◆ Task item
Read the listing below and copy out each line where the word "OOCL" occurs.

◆ Extracted records
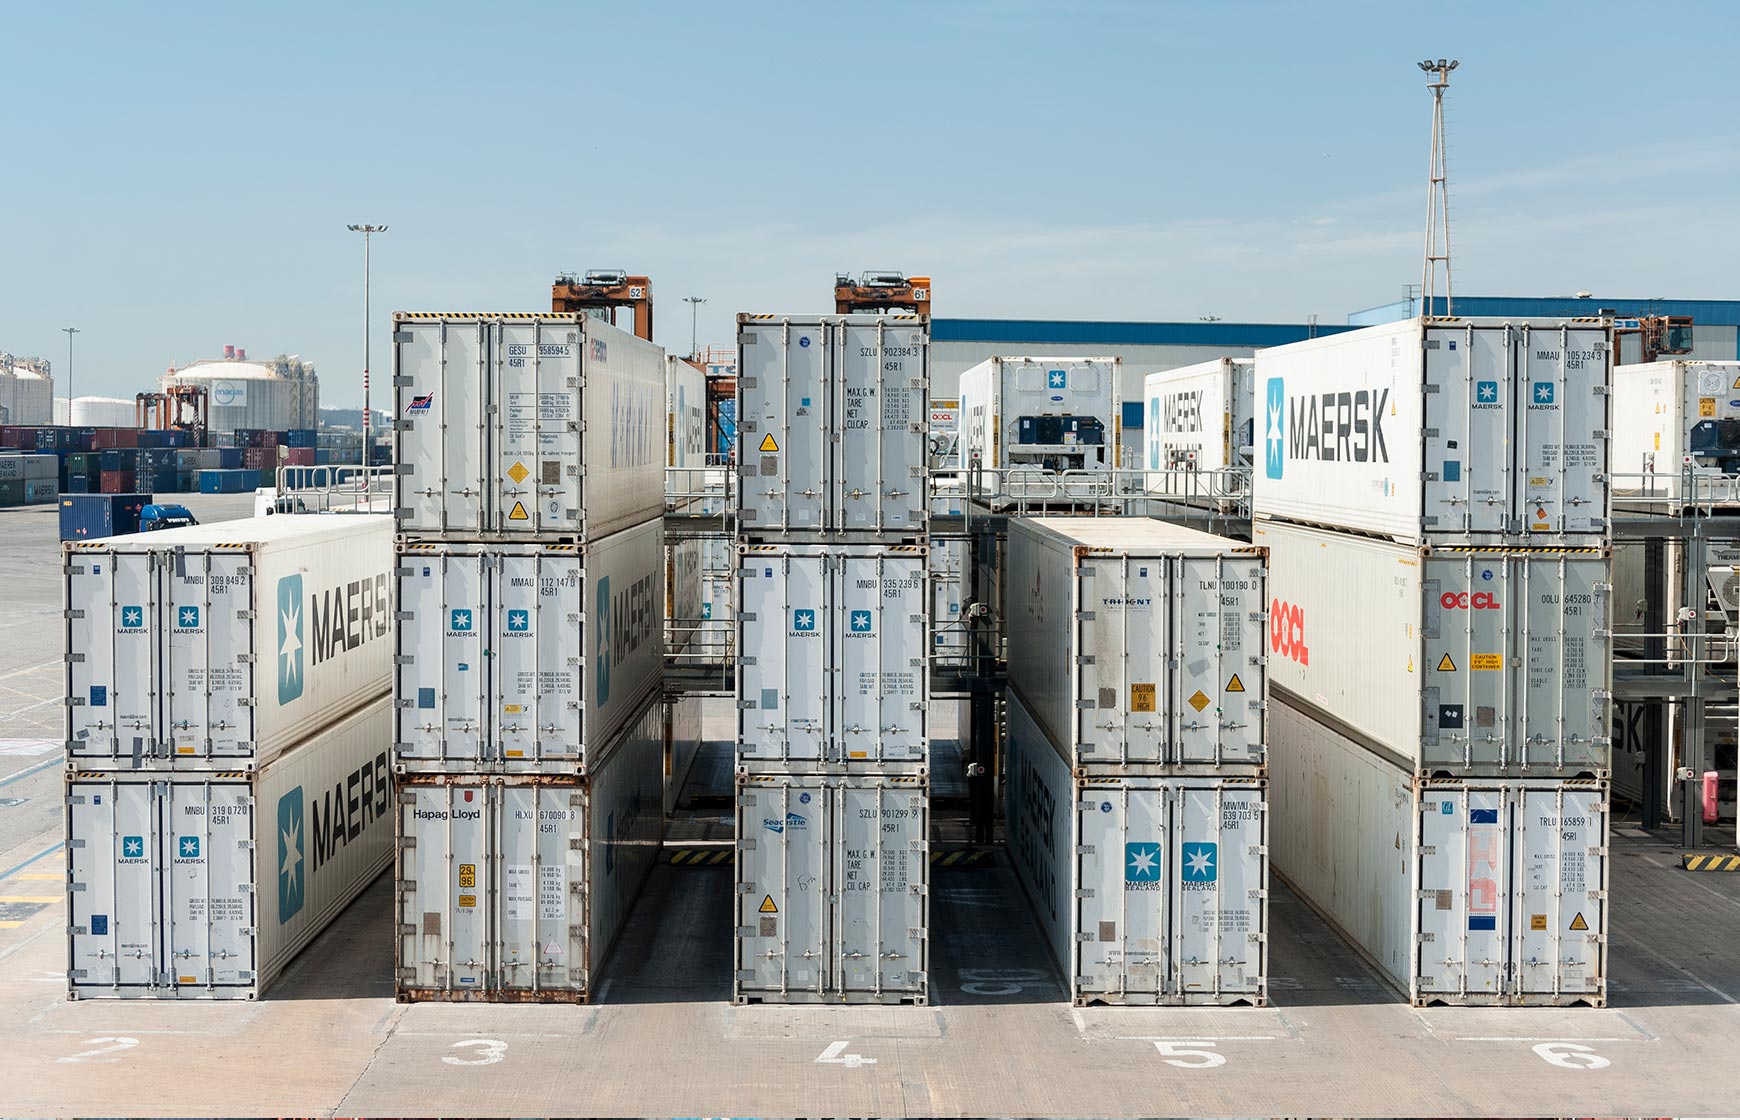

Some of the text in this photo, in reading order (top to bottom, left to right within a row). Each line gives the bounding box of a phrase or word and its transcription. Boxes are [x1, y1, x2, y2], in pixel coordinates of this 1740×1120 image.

[630, 288, 640, 297] 52
[914, 290, 924, 299] 61
[509, 346, 526, 355] GESU
[539, 346, 564, 355] 958594
[860, 348, 918, 356] SZLU 902384 3
[1537, 352, 1560, 360] MMAU
[1567, 352, 1579, 360] 105
[509, 359, 525, 367] 45R1
[884, 363, 902, 371] 45R1
[1566, 361, 1584, 369] 45R1
[848, 399, 862, 407] TARE
[847, 409, 858, 418] NET
[1164, 390, 1203, 432] MAERSK
[1290, 388, 1389, 463] MAERSK
[184, 576, 204, 584] MNBU
[211, 576, 224, 585] 309
[511, 578, 534, 586] MMAU
[541, 578, 553, 586] 112
[556, 578, 569, 586] 147
[857, 580, 877, 588] MNBU
[883, 580, 896, 588] 335
[899, 580, 912, 588] 239
[211, 585, 228, 594] 45R1
[1200, 581, 1257, 590] TLNU 100190 0
[540, 587, 558, 596] 45R1
[884, 590, 900, 598] 45R1
[1221, 597, 1239, 606] 45R1
[1441, 592, 1500, 609] OOCL
[1542, 595, 1600, 603] OOLU 645280 7
[1564, 607, 1582, 615] 45R1
[614, 570, 656, 668] MAERSK
[1271, 598, 1308, 666] OOCL
[1132, 684, 1155, 693] CAUTION
[185, 806, 205, 815] MNBU
[1224, 802, 1248, 810] MWMU
[515, 811, 575, 819] HLXU 670090 8
[859, 810, 877, 818] SZLU
[882, 810, 908, 818] 901299
[1223, 811, 1258, 820] 639 703 5
[212, 816, 230, 824] 45R1
[1540, 817, 1556, 826] TRLU
[540, 825, 557, 833] 45R1
[882, 824, 899, 832] 45R1
[1223, 821, 1239, 829] 45R1
[848, 860, 861, 869] TARE
[847, 871, 857, 880] NET
[56, 1037, 140, 1063] 2
[441, 1040, 508, 1066] 3
[814, 1041, 877, 1067] 4
[1154, 1041, 1227, 1068] 5
[1531, 1043, 1611, 1069] 6

◆ Expected answer
[1441, 592, 1500, 609] OOCL
[1271, 598, 1308, 666] OOCL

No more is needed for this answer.